Global Media Journal - Australian Edition - ISSN15507521

Dubiously wholesome: performing gender


Tanya Richards — Director of Aerialize, Sydney Aerial Theatre & Doctoral candidate in Creative Arts at the University of Western Sydney.

 

"A Wolf, Eaten or Saved" — Tanya Richards - Note: no audio

In preparation for an aerial performance at a high profile fundraiser with a burlesque theme, I laid out my costume, cosmetics and various other accessories. First I blurred away the imperfections on my face with foundation, applied copious amounts of eye make-up including an outrageous set of false eyelashes and ensured everyone in the audience would be able to see my lips by coating them in a fire engine shade of red. I stacked my hair high on top of my head and secured it with a thick layer of hairspray, added sparkles to every surface of my body possible and finally donned the skimpy leotard provided for me to wear. I studied my appearance in the mirror: I would pass as femininely beautiful.

Just as I was jumping up to see the lower half of my body in the mirror (I am rather short, and the mirror was just that little bit too high) in walked four of the dancers who were due to perform after the act I would be in. They were the epitome of the feminine ideal: legs that ran up almost to my shoulders, hourglass figures fitted into alluring burlesque costumes adorned with feathers and sequins, and perfect hair and perfect make-up that made my rendition of the guise look like I was in drag. So there I was; contemplating my inadequacies while being dwarfed by four perfect examples of the very feminine ideal I was trying to achieve.

All I could see in the mirror was an undersized, boyish body that at best could be described as short and stocky compared to the ‘glamazons’ that surrounded me. Even my costume fell short of the mark: it had to be constrained in its lavishness so as not to be impractical during my performance. As they filed out, the last remaining dancer took one last look at her reflection and said to it, “you’re gorgeous” as she glided out the door. As I walked awkwardly into the limelight on my way out to the aerial apparatus, I hoped no-one would notice my lack of feminine perfection. Once in the air, this could easily be made up for in the practiced feminine movements of my performance.

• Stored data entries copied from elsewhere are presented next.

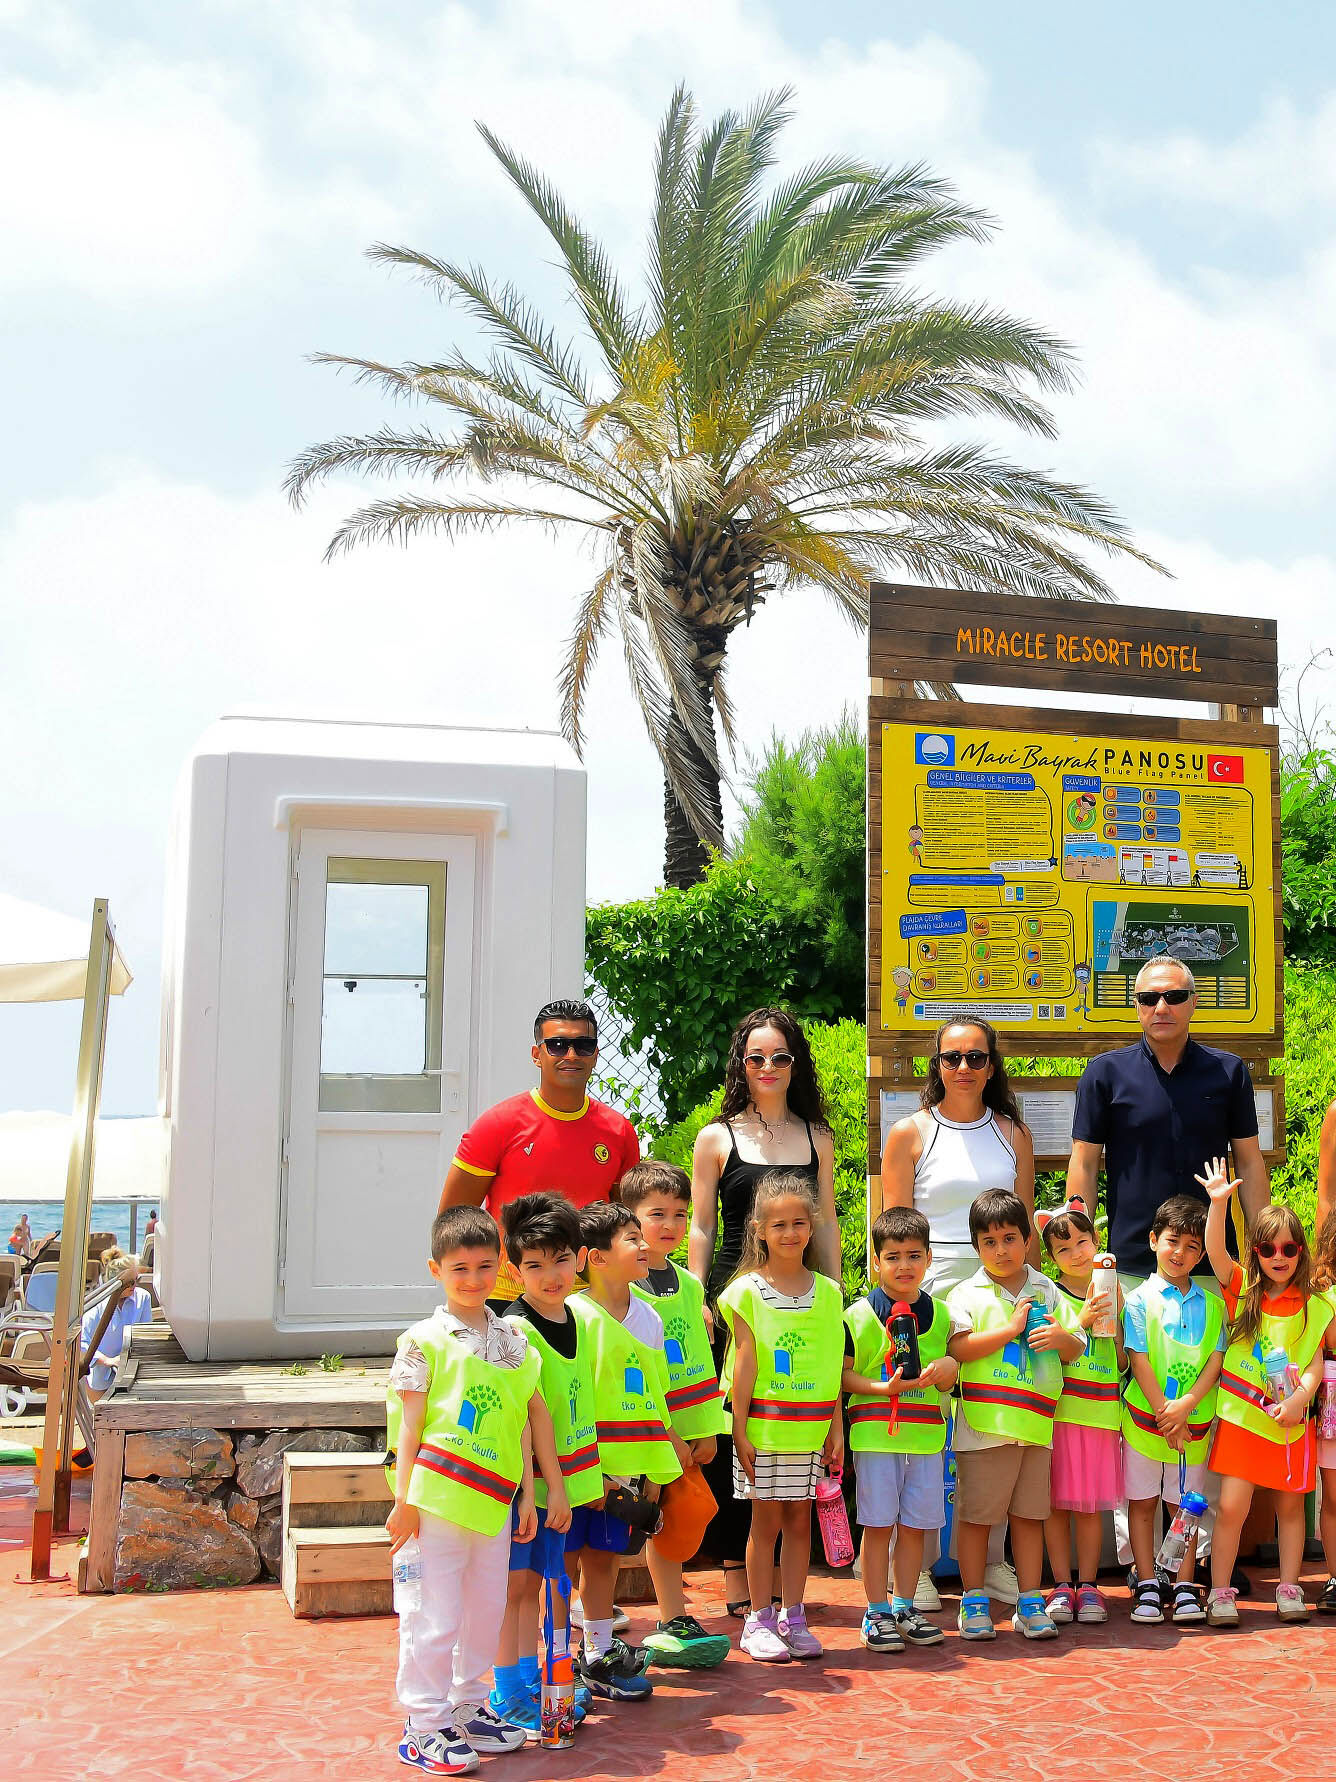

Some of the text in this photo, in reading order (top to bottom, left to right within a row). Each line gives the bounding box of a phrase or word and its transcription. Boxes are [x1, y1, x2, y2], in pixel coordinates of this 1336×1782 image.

[956, 627, 1202, 673] MIRACLE RESORT HOTEL
[960, 741, 1203, 778] Mavi Bayrak PANOSU
[930, 771, 954, 781] GENEL
[1104, 767, 1204, 780] Blue Flag Panel
[1239, 1359, 1254, 1372] Eko
[993, 1368, 1009, 1379] Eko
[770, 1380, 785, 1390] Eko
[621, 1400, 636, 1411] Eko

But at this moment I was faced with the irony that something I loved and made me feel powerful and strong could, for the sake of an audience, also cause feelings of gendered inadequacies. As ‘Hey Big Spender’, my cue, started to play over the sound system, I turned to my co-performer with a crooked smile and said, “I’m gorgeous”, then tried to glide gracefully onto the stage.

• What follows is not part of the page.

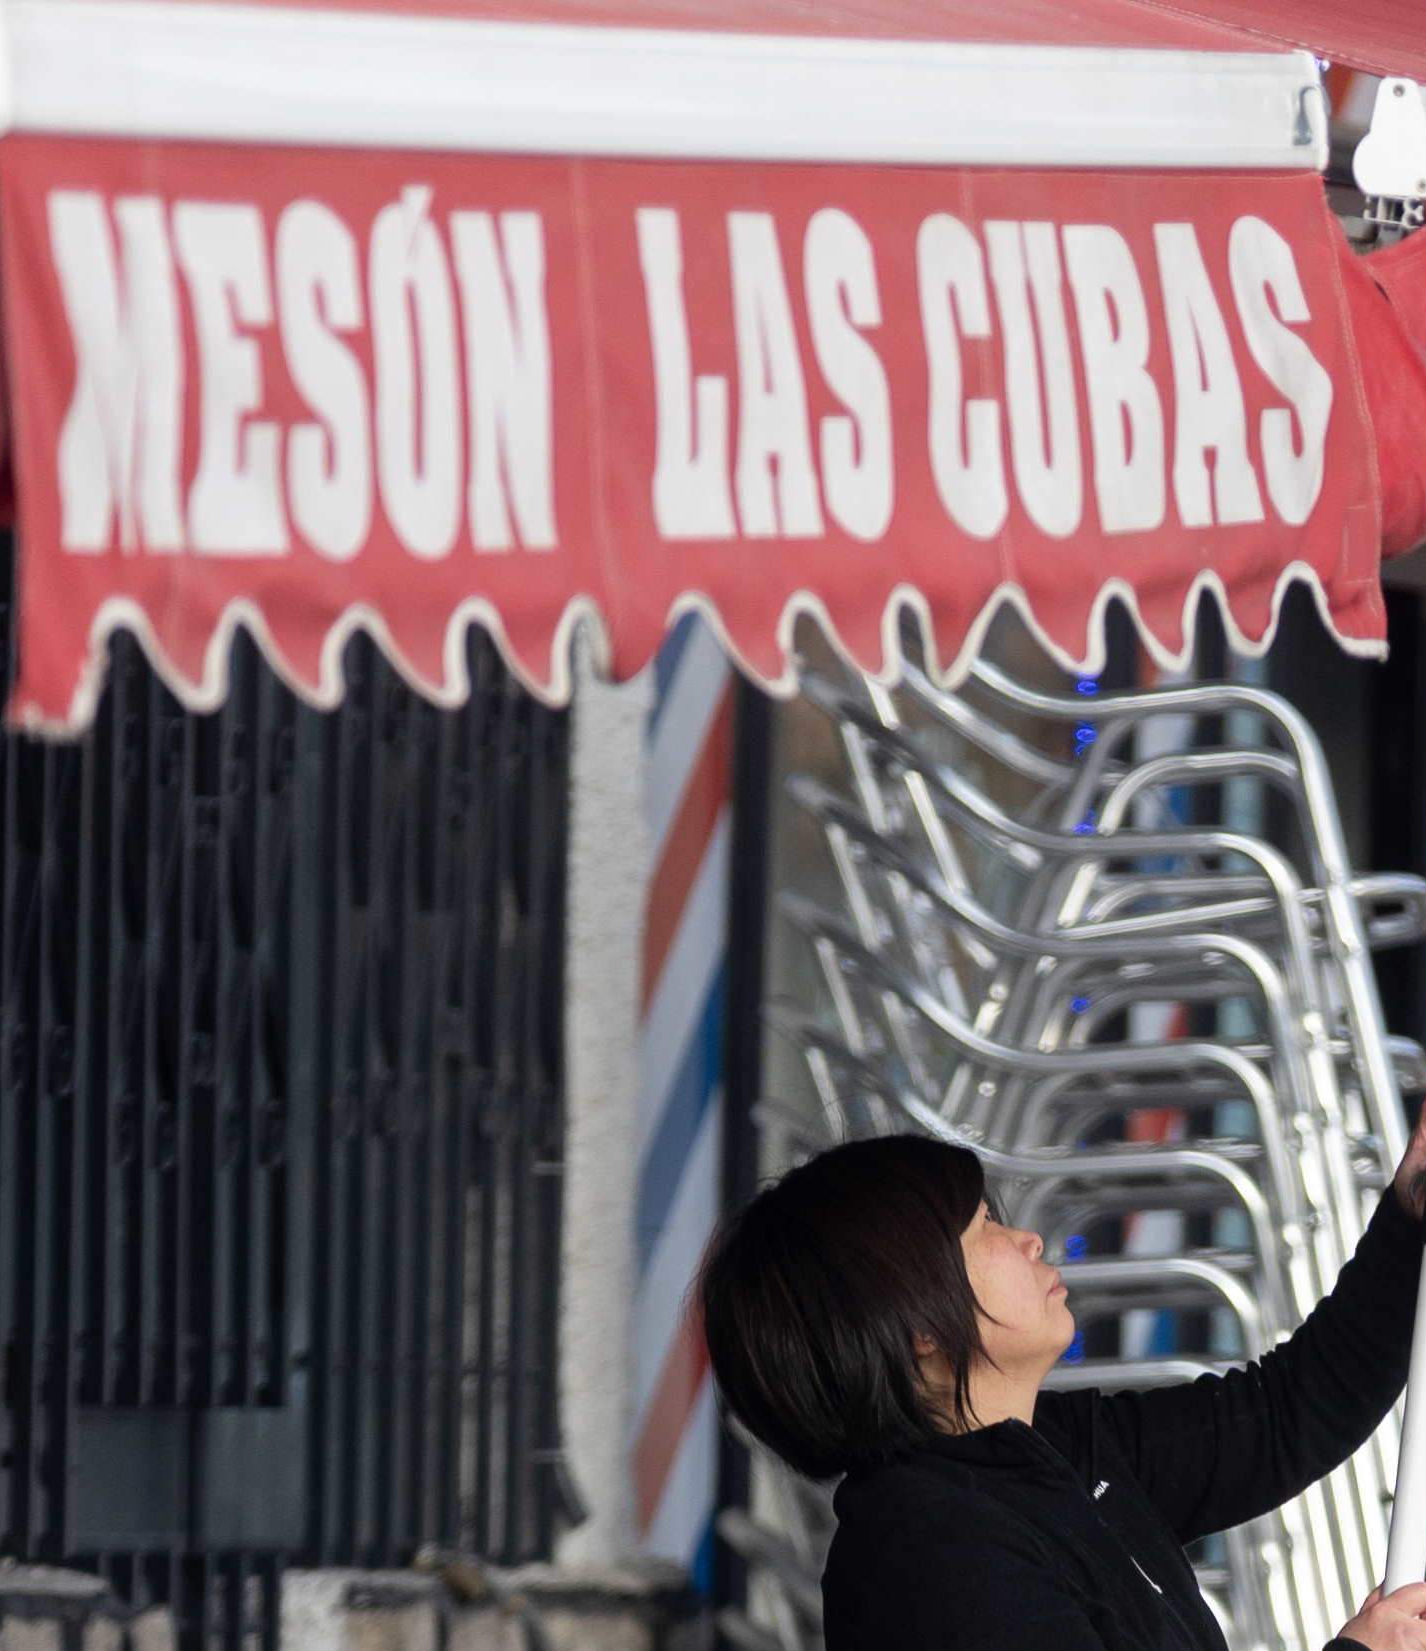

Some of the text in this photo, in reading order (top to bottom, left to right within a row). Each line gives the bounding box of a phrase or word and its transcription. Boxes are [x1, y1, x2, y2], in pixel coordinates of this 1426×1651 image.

[46, 183, 1333, 564] MESÓN LAS CUBAS

My experiences as a professional aerial performer and the contrasting standards of gendered ideals in this area raised personal questions of what it means to identify as female in contemporary society, and how manifestations of gender are used to create an identity that interacts with the complexities of everyday life. In considering these questions, Judith Butler’s ideas of gender as a scripted social performance appealed to me, and my project centred itself on the question of how I could explore ideas of gender performance through my artist practice. To research this question, my work revolved around a process of working with aerial acrobatics and digital media, which resulted in a series of video works. This process acted as both an aesthetic tool and a research methodology, where my experience as a female aerial performer informed my conceptual framework alongside the project’s engagement with literature on gender identity. In combination with the aesthetics of my aerial/video works, I integrated suggestions of perverted fairytales, using the tales as social commentaries and manipulators to subvert accepted views on gender roles.

A wolf, eaten or saved

A Wolf, Eaten or Saved expresses the ambiguity and the fine lines between body, sex, gender and agency in the process of gendering self. I have used key elements of the tale of Little Red Riding Hood in this work to symbolically represent the components used when constructing a gendered identity.

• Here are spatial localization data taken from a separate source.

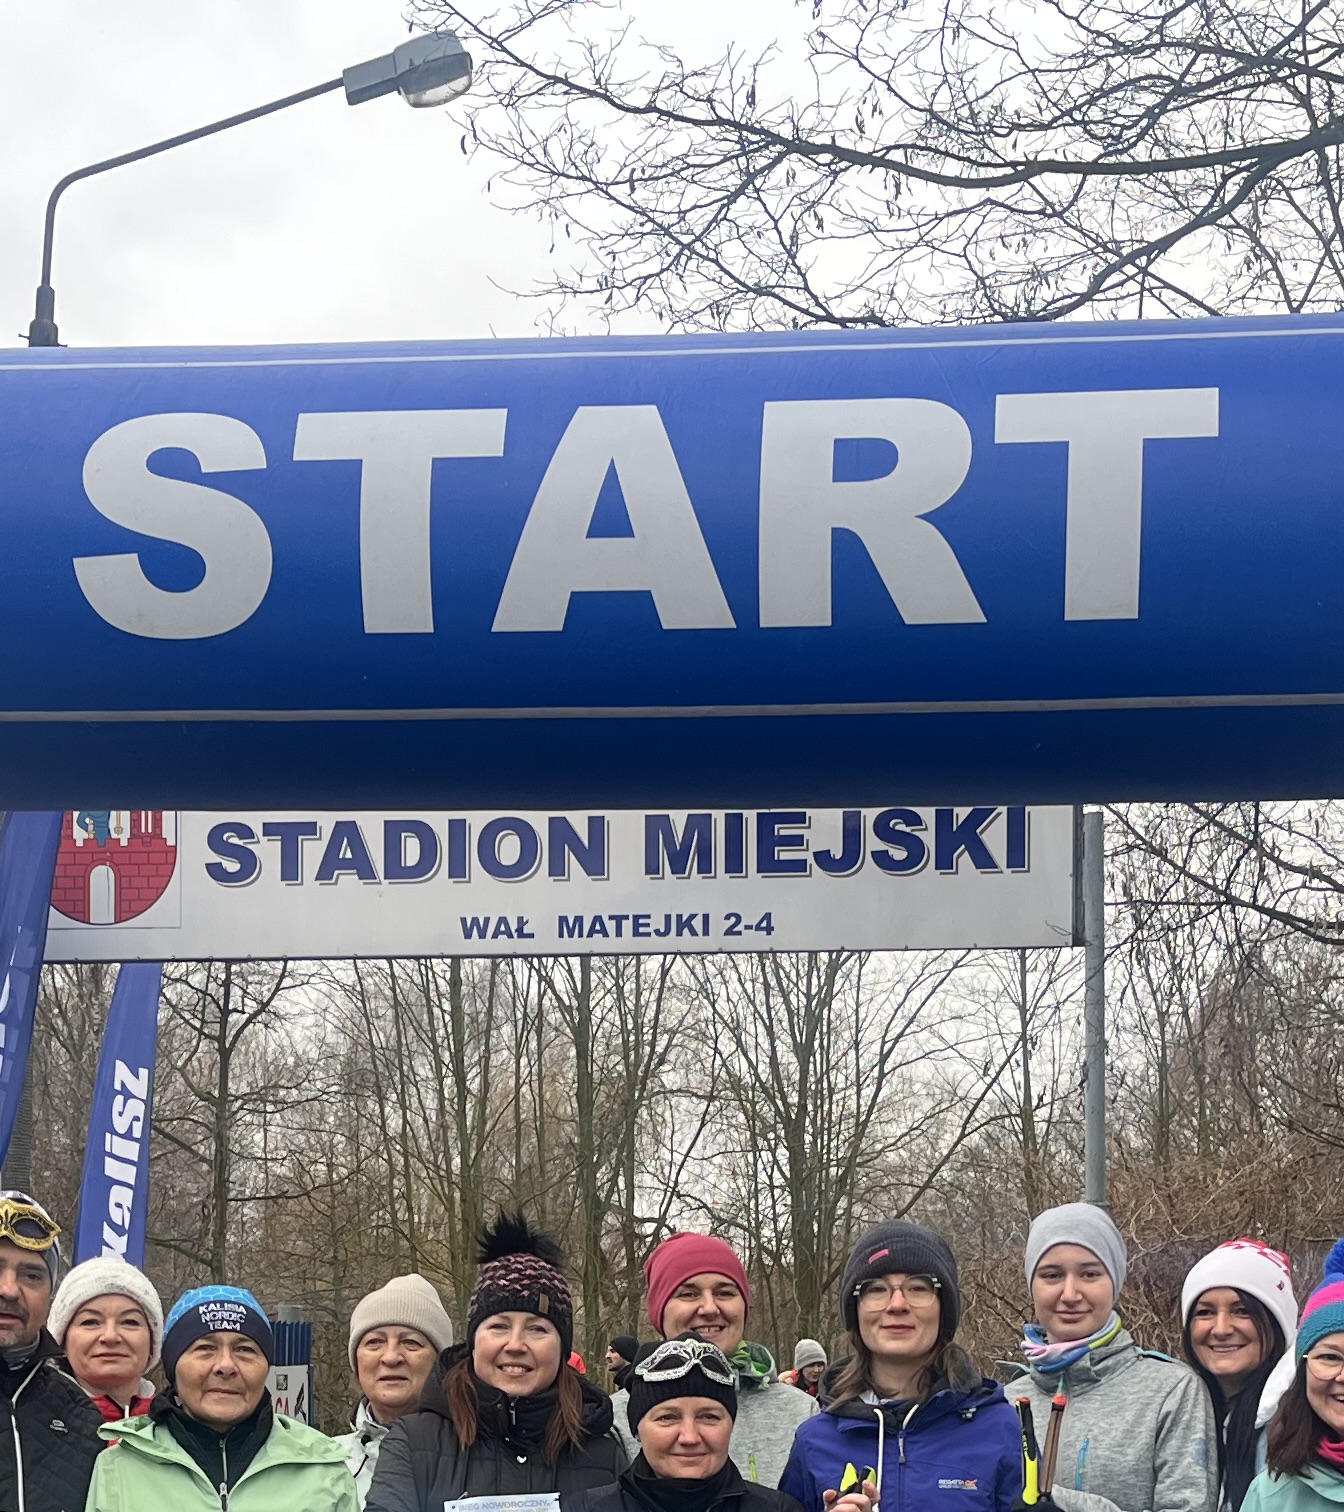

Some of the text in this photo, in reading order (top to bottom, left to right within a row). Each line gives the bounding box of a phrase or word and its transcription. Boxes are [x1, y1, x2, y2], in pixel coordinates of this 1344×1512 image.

[72, 387, 1220, 640] START
[205, 805, 1032, 885] STADION MIEJSKI
[459, 912, 776, 941] WAŁ MATEJKI 2-4
[198, 1302, 248, 1315] KALISIA
[201, 1310, 246, 1324] NORDIC
[207, 1320, 241, 1331] TEAM

In this work, the character of Little Red Riding Hood represents the individual or performer; the forest becomes the threat of punishment for performing gender incorrectly (the potential to be eaten); the wolf equals the interpretations and/or aspects of gendering the self that do not adhere to designated norm, or in Butler’s words “gender trouble” 1; the path through the woods embodies performing gender correctly or the gendered ideal; the Mother epitomises the force of social conscription; and Grandmother is the repetition and rehearsal of Butler’s gendered scripts. 

Setting up the scene for Little Red Riding Hood’s ordeal is a forest made up of passive aerial bodies, hooded and attired in skin-coloured fabric, dangling by their arms and legs which are caught up in red fabric. The image scrolls across the screen to reveal a path cutting through the forest of punished bodies. Moving along the path are cloned, black and white aerial performers being manipulated, puppet-like, in perfect synchronisation by a large hand. The hand is representative of the Mother figure in the story. Little Red Riding Hood enters the scene dressed in brilliant red in contrast to the black and white aesthetics of her surroundings.

She performs a similar routine, yet embellishes it by twisting the fabric around her legs rather than staying still in the splits, which causes her to become tangled in the fabric, and the performance to become disjointed and unrefined in comparison to the clones seen previously. Finally, after failing to execute the designated routine, Little Red Riding Hood slides off the red fabric and leaves in search of an alternative to the reparations routine played out on the red fabric. In these scenes, the viewer is presented with the ideal: the aerial clones to which the protagonist should aspire. The potential consequence of failing to achieve this ideal is represented by the trapped isolation of the forest’s aerial bodies, and sets up Little Red Riding Hood’s desire to leave behind the repressive aspects of her gendered identity. In the final moment of her gendered performance, Little Red Riding Hood, controlled by an outside force, untangles herself from the gender signifying fabric and leaves the path.

The scene scrolls again to reveal the wolf made up of fur and bits of masculine and feminine aerial bodies. This realisation of the wolf was born out of a previous work titled Pretty Monsters (2007) where a single form was created by the mixing of the body parts from masculine and feminine aerialists performing a duo routine. Each piece of the gender monster shifted with slow and subtle movements creating a pulsating form that gave the strange body life. The movements also create an ambiguity to the body parts as they merge together and then separate.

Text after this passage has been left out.